The honor of being recognized as “the greatest team in NBA history” is one fans can debate endlessly, but supporters of the 1995-96 Chicago Bulls could point to one objective yardstick in making their case.
The Bulls’ 72-10 record and .878 winning percentage during the 1995-96 regular season was the best in NBA history and stands as one of the great team accomplishments in all of sports. The Bulls eclipsed the marks set by the 1971-72 Los Angeles Lakers, who went 69-13 for a .841 percentage.
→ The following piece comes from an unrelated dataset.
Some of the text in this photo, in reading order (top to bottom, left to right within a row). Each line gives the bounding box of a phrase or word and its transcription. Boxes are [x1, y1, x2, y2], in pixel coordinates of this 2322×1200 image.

The 2015-16 Golden State Warriors were the first team to surpass the 72-win mark when they finished 73-9 in 2015-16.
The Bulls won 18 games in a row in one stretch of the 1995-96 season and on Feb. 2 their record stood at 41-3. They became the first team in NBA history to win 70 games with an 86-80 victory at Milwaukee on April 16 and capped off the season with win No. 72 with a 103-93 decision against Washington on April 21.
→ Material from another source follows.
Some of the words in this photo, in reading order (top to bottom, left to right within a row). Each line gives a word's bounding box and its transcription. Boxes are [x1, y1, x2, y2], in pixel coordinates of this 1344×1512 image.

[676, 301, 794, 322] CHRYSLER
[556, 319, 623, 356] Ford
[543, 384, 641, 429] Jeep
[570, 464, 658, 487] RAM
The Bulls finished 39-2 at the United Center and 33-8 on the road, their 33 road victories the most ever. They continued to steamroll the opposition in the playoffs. They lost only one game in series wins over Miami, New York and Orlando, setting up a Finals matchup with Seattle.
Michael Jordan was back in the NBA Finals. After an eighteen-month layoff from basketball, a brief dip into a professional baseball career, and a comeback which fell just short of the 1995 NBA Finals, he wasted little time putting Chicago in position to win a fourth championship. Chicago won the first three games, before Seattle rallied to send the series back to the United Center for Game 6.
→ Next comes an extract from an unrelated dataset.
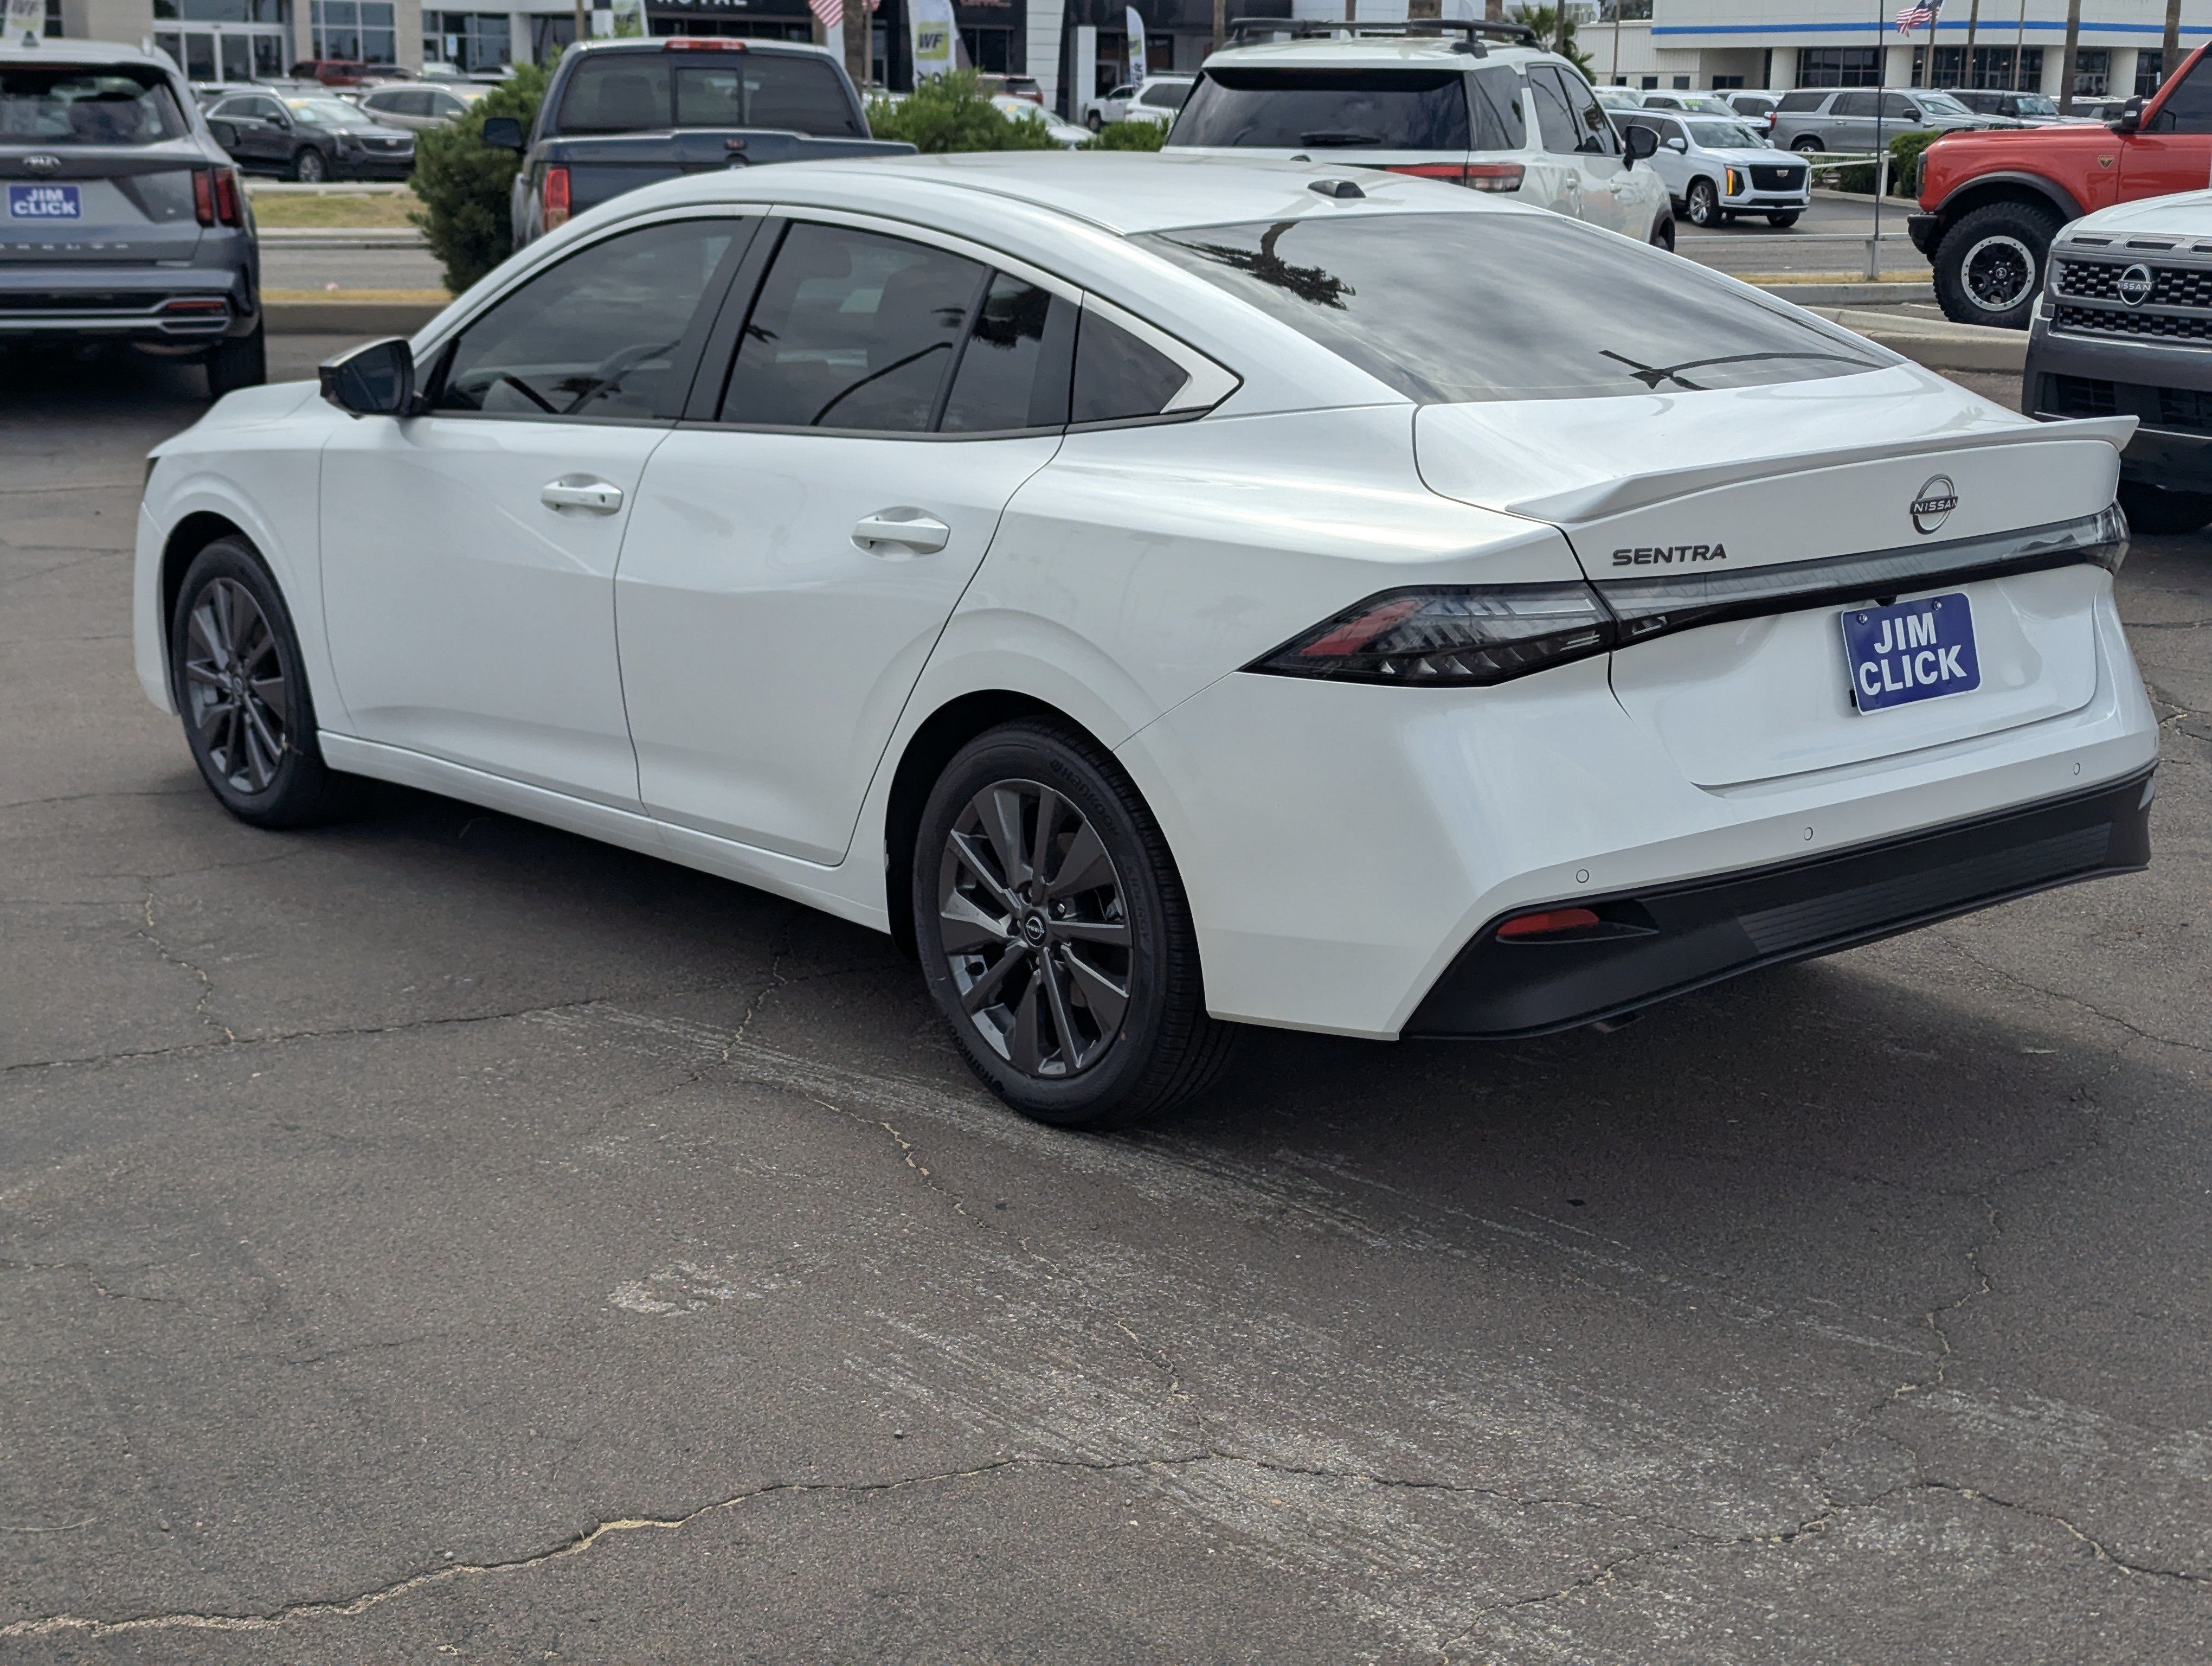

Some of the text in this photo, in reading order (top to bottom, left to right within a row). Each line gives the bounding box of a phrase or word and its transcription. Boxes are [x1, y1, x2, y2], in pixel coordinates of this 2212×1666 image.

Back at home, Jordan gave the Chicago fans what they came to see. He responded to the 87-75 clinching win by falling to the court as tears streamed down. He then rushed into the Bulls’ lockerroom, where he allowed more of the emotion he’d kept bottled inside to come spewing forth while his teammates celebrated.
Though he had returned to lead the NBA in scoring with 30.4 per game, and had been named NBA MVP for the fourth time, it was by leading his team to the title he’d proven to himself that he could come all the way back. Coincidentally, the Bulls wrapped up the title on Father’s Day, an important day to a man who’d lost his father, James Jordan, before suddenly retiring from basketball in 1994.
“I was blessed to be able to get the game ball of the championship game and bring a championship back to Chicago,” Jordan said later. “It happened on Father’s Day, which makes it even more special. There’s no way to really describe it.”
By the time Jordan rejoined the Bulls’ celebration, the entire team was perched atop the scorer’s table, sharing their moment with the United Center fans. They then moved to a podium in front of the table, where commissioner David Stern presented team owner Jerry Reinsdorf with his fourth championship trophy in six years. And somewhere down the line, Jordan got the trophy and hugged it. His trophy.